### [YOUR ASSIGNMENT]
Only the lines from the one with "this 1727×1151 image." through the last belong in the output; print them exactly as given below.

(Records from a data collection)

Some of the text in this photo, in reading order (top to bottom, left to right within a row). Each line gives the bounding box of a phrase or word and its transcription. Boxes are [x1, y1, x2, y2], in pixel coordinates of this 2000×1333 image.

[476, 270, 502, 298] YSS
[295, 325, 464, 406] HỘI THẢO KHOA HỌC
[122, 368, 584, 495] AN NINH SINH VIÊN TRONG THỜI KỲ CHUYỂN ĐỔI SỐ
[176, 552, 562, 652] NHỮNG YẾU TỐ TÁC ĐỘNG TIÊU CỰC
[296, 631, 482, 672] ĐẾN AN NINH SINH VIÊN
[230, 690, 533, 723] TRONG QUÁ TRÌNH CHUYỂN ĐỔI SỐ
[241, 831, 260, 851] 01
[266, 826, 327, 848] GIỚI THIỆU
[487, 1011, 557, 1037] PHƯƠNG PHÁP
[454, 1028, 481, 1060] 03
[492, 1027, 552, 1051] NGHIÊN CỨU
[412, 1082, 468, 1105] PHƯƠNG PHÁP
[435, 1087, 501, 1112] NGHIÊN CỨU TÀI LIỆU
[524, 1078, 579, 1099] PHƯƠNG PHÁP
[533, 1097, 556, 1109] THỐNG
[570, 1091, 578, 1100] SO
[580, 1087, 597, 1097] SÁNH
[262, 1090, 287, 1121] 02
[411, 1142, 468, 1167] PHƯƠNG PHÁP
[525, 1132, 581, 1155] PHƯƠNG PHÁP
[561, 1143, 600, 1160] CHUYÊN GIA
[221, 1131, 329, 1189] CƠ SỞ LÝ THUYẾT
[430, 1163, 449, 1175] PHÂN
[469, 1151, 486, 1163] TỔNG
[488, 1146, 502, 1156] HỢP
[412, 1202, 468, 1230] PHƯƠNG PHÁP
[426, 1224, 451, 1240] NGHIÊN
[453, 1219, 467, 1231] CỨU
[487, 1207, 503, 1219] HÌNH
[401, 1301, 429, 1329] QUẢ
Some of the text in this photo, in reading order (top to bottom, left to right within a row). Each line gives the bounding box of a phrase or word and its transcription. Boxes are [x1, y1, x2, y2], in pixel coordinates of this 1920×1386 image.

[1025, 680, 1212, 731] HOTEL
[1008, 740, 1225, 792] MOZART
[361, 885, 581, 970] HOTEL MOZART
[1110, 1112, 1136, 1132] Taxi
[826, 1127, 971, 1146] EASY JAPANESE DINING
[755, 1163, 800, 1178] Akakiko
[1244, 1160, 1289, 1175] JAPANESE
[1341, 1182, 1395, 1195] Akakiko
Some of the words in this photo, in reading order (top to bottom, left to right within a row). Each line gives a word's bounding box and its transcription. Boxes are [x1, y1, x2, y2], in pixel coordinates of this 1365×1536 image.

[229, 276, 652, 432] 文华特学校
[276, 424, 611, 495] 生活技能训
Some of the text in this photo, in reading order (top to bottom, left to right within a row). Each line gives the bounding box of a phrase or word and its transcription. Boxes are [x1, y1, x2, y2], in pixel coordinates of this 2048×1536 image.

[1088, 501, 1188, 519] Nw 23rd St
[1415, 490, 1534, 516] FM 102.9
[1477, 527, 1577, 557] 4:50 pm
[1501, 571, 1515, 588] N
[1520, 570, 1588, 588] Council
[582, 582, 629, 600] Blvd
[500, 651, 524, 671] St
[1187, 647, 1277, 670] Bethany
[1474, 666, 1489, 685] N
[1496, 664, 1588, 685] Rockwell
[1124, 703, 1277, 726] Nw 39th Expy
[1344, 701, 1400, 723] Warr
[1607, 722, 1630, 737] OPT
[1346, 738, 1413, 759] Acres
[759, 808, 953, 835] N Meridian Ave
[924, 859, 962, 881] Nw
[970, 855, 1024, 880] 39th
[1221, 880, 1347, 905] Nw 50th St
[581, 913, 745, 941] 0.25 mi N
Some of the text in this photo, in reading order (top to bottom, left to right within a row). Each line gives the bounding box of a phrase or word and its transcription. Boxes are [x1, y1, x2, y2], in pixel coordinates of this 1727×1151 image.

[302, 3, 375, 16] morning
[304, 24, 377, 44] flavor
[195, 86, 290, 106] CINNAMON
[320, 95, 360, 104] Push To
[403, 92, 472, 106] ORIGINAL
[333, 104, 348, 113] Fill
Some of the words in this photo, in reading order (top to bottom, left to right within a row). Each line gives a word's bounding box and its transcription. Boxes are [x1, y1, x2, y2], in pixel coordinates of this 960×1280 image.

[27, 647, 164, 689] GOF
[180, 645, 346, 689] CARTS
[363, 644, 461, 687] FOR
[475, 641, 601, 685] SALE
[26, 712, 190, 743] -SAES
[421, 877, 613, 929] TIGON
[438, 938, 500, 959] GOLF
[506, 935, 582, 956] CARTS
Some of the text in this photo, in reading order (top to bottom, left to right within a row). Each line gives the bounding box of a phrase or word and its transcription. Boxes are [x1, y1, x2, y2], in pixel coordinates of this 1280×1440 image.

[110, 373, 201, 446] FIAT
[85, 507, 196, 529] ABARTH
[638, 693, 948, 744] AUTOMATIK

### [YOUR SOLUTION]
Some of the text in this photo, in reading order (top to bottom, left to right within a row). Each line gives the bounding box of a phrase or word and its transcription. Boxes are [x1, y1, x2, y2], in pixel coordinates of this 1727×1151 image.

[302, 3, 375, 16] morning
[304, 24, 377, 44] flavor
[195, 86, 290, 106] CINNAMON
[320, 95, 360, 104] Push To
[403, 92, 472, 106] ORIGINAL
[333, 104, 348, 113] Fill
Some of the words in this photo, in reading order (top to bottom, left to right within a row). Each line gives a word's bounding box and its transcription. Boxes are [x1, y1, x2, y2], in pixel coordinates of this 960×1280 image.

[27, 647, 164, 689] GOF
[180, 645, 346, 689] CARTS
[363, 644, 461, 687] FOR
[475, 641, 601, 685] SALE
[26, 712, 190, 743] -SAES
[421, 877, 613, 929] TIGON
[438, 938, 500, 959] GOLF
[506, 935, 582, 956] CARTS
Some of the text in this photo, in reading order (top to bottom, left to right within a row). Each line gives the bounding box of a phrase or word and its transcription. Boxes are [x1, y1, x2, y2], in pixel coordinates of this 1280×1440 image.

[110, 373, 201, 446] FIAT
[85, 507, 196, 529] ABARTH
[638, 693, 948, 744] AUTOMATIK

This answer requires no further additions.